Fixing school funding woes: Our future depends on it



Fixing school funding woes:Our future depends on it
EDITOR:
I wish to express my concerns about the lack of priority given by our state representative body as a whole to our state's school funding problems.
I watched as the majority of school levies in my area failed in the recent primary elections. It would be unfair to lay the guilt for all of the failed levies on the individual taxpayers. With the poor economy, the high loss of jobs in Ohio and all of the cost cuts they continue to make against the elderly, you can't honestly hope to get any new taxes passed or old ones renewed. Even the communities considered well-to-do are barely getting their school levies approved as of late.
The current taxes we pay for state and local services are far too often misused as is. All of our schools could use additional funding -- I have no doubt of that. You see school systems with no busing, no sports and vital programs cut back or eliminated. That should embarrass all of our state representatives, but still they sit stagnate.

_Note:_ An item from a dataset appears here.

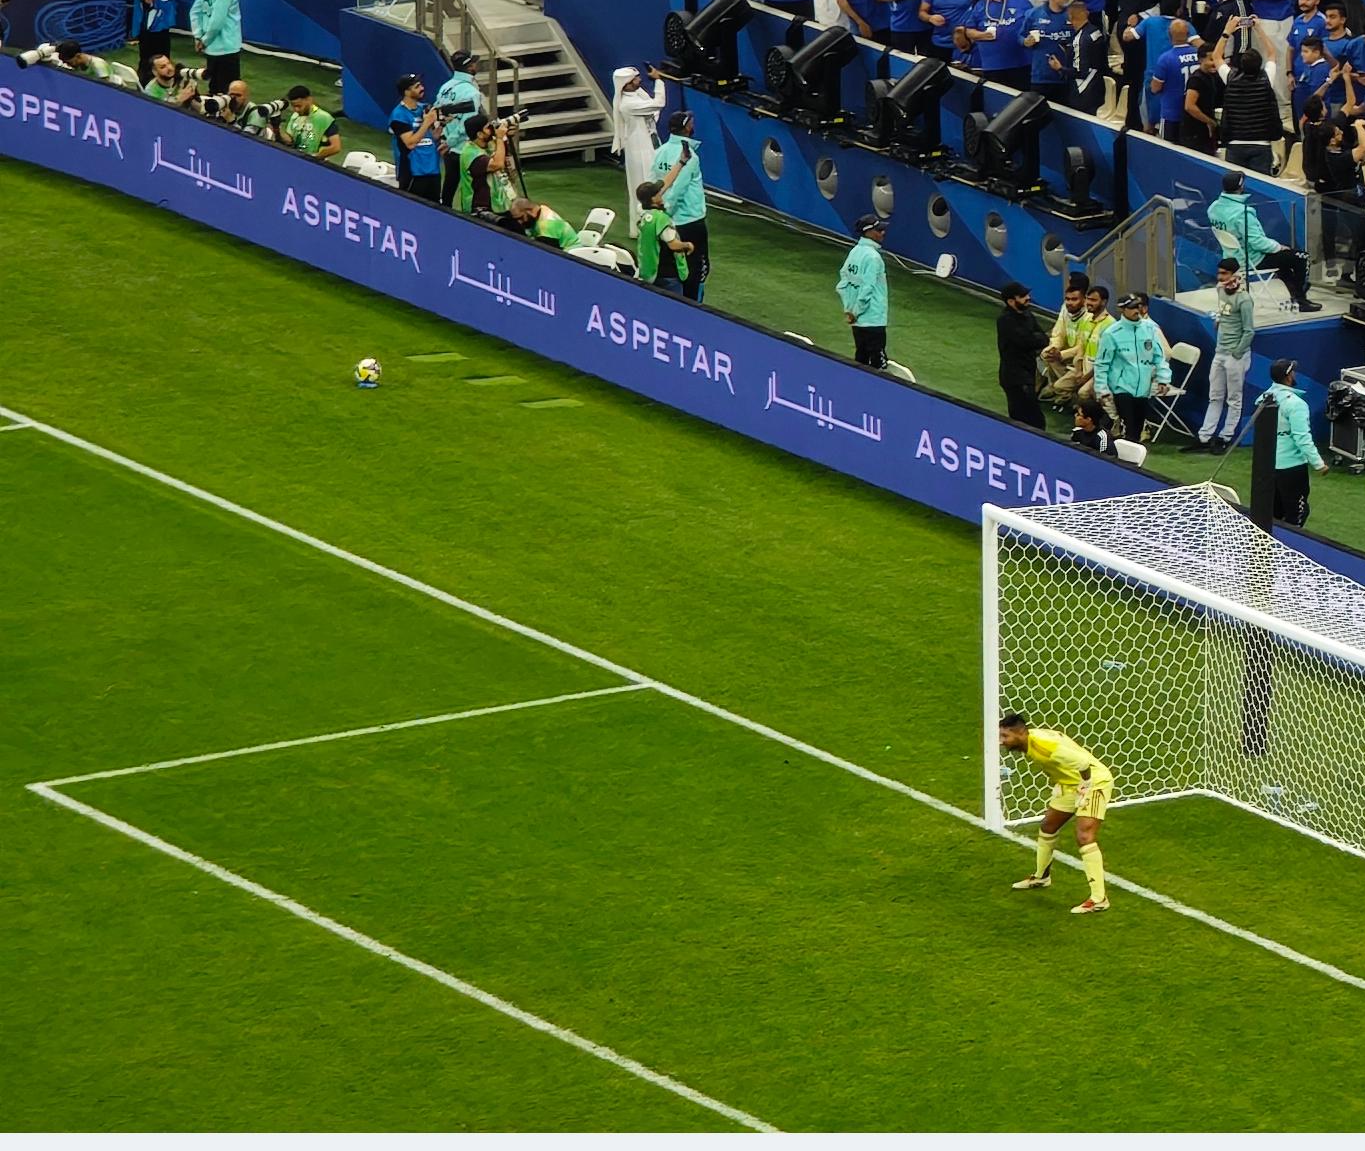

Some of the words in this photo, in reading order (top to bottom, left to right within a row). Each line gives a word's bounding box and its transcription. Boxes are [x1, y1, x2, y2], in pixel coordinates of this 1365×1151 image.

The sad part is that the Ohio Supreme Court has twice ruled that Ohio's school funding system, using property taxes, is unconstitutional. That means illegal, folks. As a property owner, I never understood why people who don't even own property should be allowed to vote on anything that would raise my property taxes anyway.
And, until you have a property tax bill of your own in your hand, please don't whine about my previous comment. With the property tax system we currently have for funding schools, along with some personal income taxes, smaller communities are at an automatic disadvantage from the start.
No child should be penalized on his or her education because of the size of the community. Every child should have the chance for the best education possible. That means putting every child from every community on a fair playing field. That can never be done with property taxes.
I have to now question the value of the Ohio Supreme Court's rulings. As to date, they have not been acted on by our state Legislature. Our state governing body evidently feels they have the right to ignore those rulings. It would be interesting to find out if all property owners could legally refuse to pay that part of their taxes or perhaps hold the funds in escrow since the court did rule that taxing system unconstitutional.
Everyone needs to start writing letters to their representatives to get them off their butts and doing one of the most important jobs they were elected to do -- come up with a funding system that gives all of Ohio's children the chance for the brightest future possible!
RENEE K. WIRE
New Middletown
It's time for people to uniteagainst Social Security cuts
EDITOR:
I recently read an article in The Vindicator about possible cuts in Social Security payments to the baby boomers. I am a baby boomer, and I have been paying into this system for more than 40 years. I worked hard, had modest earnings and did not spend my money frivolously or live beyond my means. Yet, with retirement fast approaching, I will need every penny I have (or thought I had) coming to survive my retirement years. I am being penalized for the year in which I was born.
The irony is that it seems to be OK for politicians to be voting themselves pay raises, playing politics with our money, and "borrowing" from our Social Security funds. It seems to be OK for this country to be led into wars and involved in causes not our own at an astronomical cost. Yet it is not OK for us to take care of our own!
I was taught that the Constitution and the Bill of Rights were for the people and by the people, but it now appears to be for the rich, by the rich. I believe that it is time for all working people to unite in protest against the proposed changes in Social Security and Medicare benefits targeted at the baby boomers by writing to your elected officials or getting actively involved. The next segment of the population to be cut may be you!